We know that Dr. Luke used every accurate source available to him because of what he said at the beginning of the Gospel he penned:  “Many have undertaken to draw up an account of the events that have been fulfilled among us, just as they were handed down to us by those who from the first were eyewitnesses and servants of the word. Therefore, since I myself have carefully investigated everything from the beginning, it seemed good also to me to write an orderly account for you, most excellent Theophilus, so that you may know the certainty of the things you have been taught.”

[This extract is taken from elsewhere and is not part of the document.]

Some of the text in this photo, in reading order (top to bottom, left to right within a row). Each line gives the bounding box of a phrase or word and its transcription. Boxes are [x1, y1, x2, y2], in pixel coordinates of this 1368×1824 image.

Note that Dr. Luke indicates here that “many have undertaken to draw up and account of the events…”  No one today denies that there were other writings out there about the life of Jesus.  Obviously, many of them did not make it into the canon of scriptures.  Dr. Luke though points out that he investigated everything from the beginning, ordered the information, and presented it accurately so that Theophilus is confident that he has an accurate account of what he had been taught.

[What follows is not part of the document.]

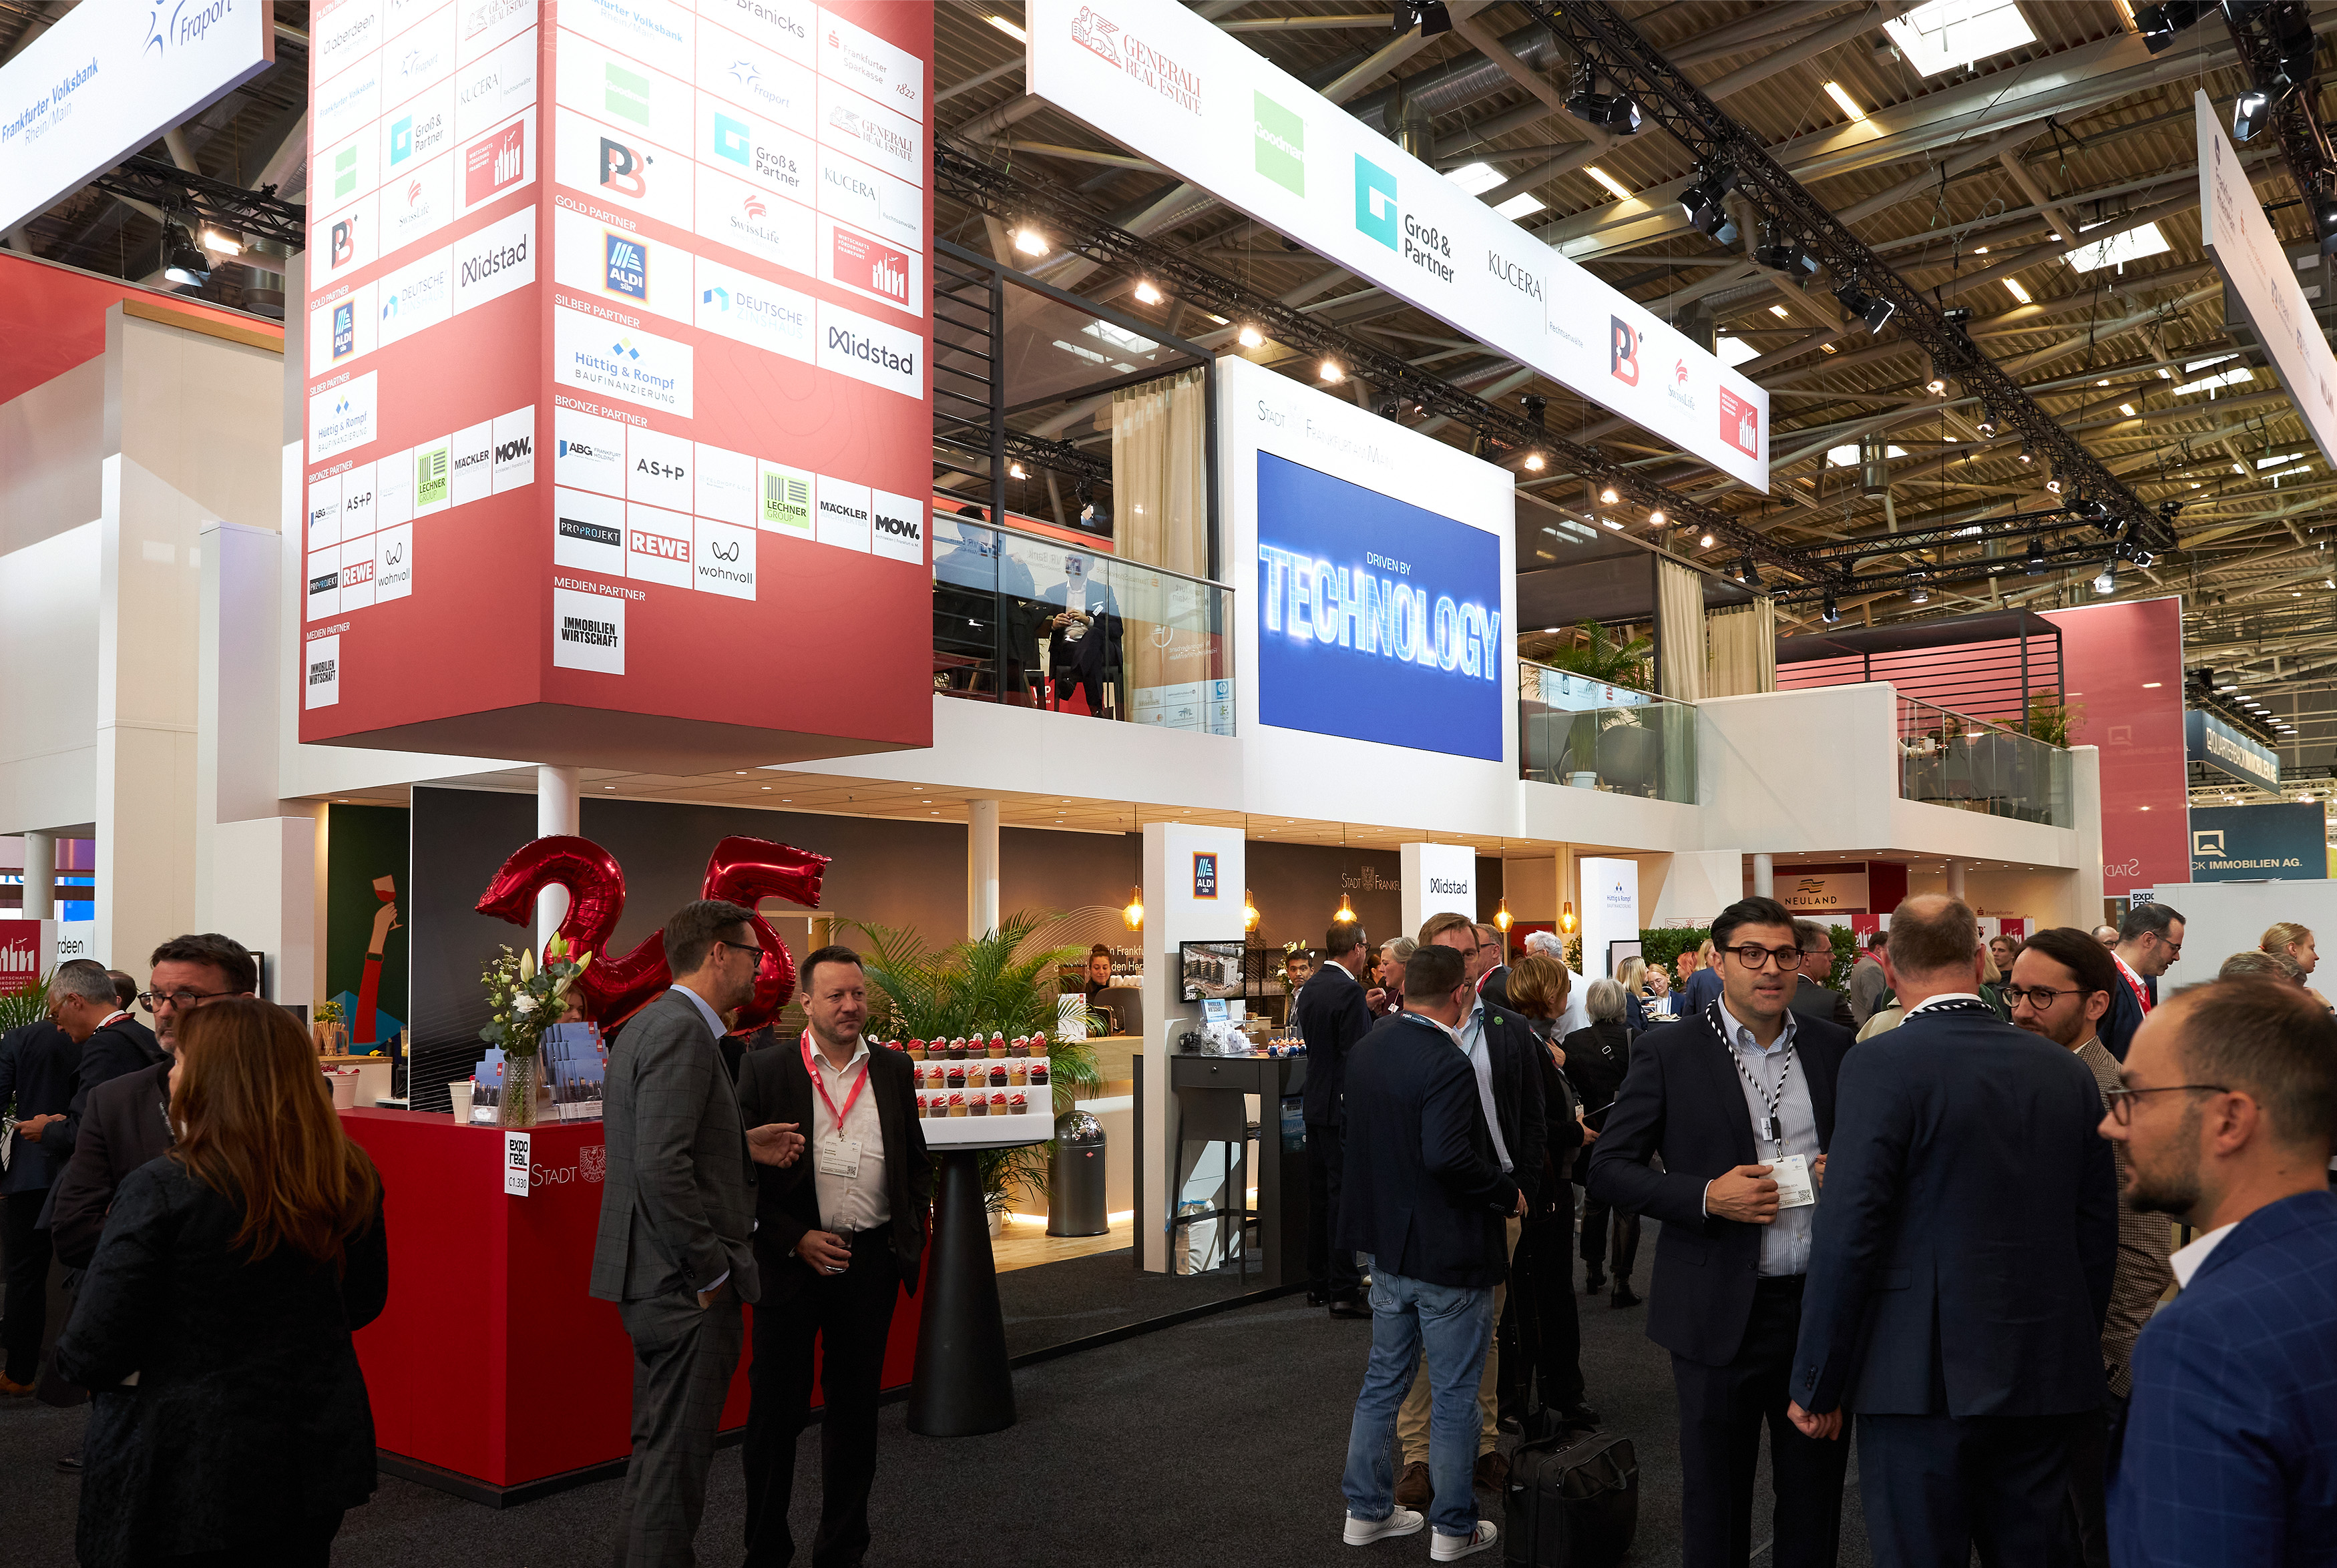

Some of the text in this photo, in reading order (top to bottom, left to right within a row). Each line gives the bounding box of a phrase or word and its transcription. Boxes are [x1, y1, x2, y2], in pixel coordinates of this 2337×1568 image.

Dr. Ehrman concludes on page 152, “the earlier the better.” I just pointed out the Dr. Luke used sources.  These sources were all, no doubt, eyewitness of Jesus and the events of His life and serve to strengthen the case that the data in the Gospels comes largely from eyewitness testimony.  Also we must give Dr. Luke credit for his approach.  He states that the data he is using “were handed down” from the first eyewitnesses of the events of Jesus’ life.  He “investigated everything.”  I can only assume that he verified the data he was handed.  His writing was an attempt to put the events and teachings in order.

From his own writings, Dr. Luke states that his approach is to investigate and verify sources and present those as accurately as possible so that his audience has a written record of what they have already been taught.

We cannot put our hands on “Q,” “M,” or “L” today—they do not exist in hardcopy.  But we can conclude that there were many eyewitnesses to the person and life of Jesus—both antagonists and protagonists.  Both Dr. Luke and the Apostle Paul note in their writings that they used “sources” who were eyewitnesses to Jesus.  Dr. Luke’s attempt was to accurately record the data which eyewitnesses had handed down.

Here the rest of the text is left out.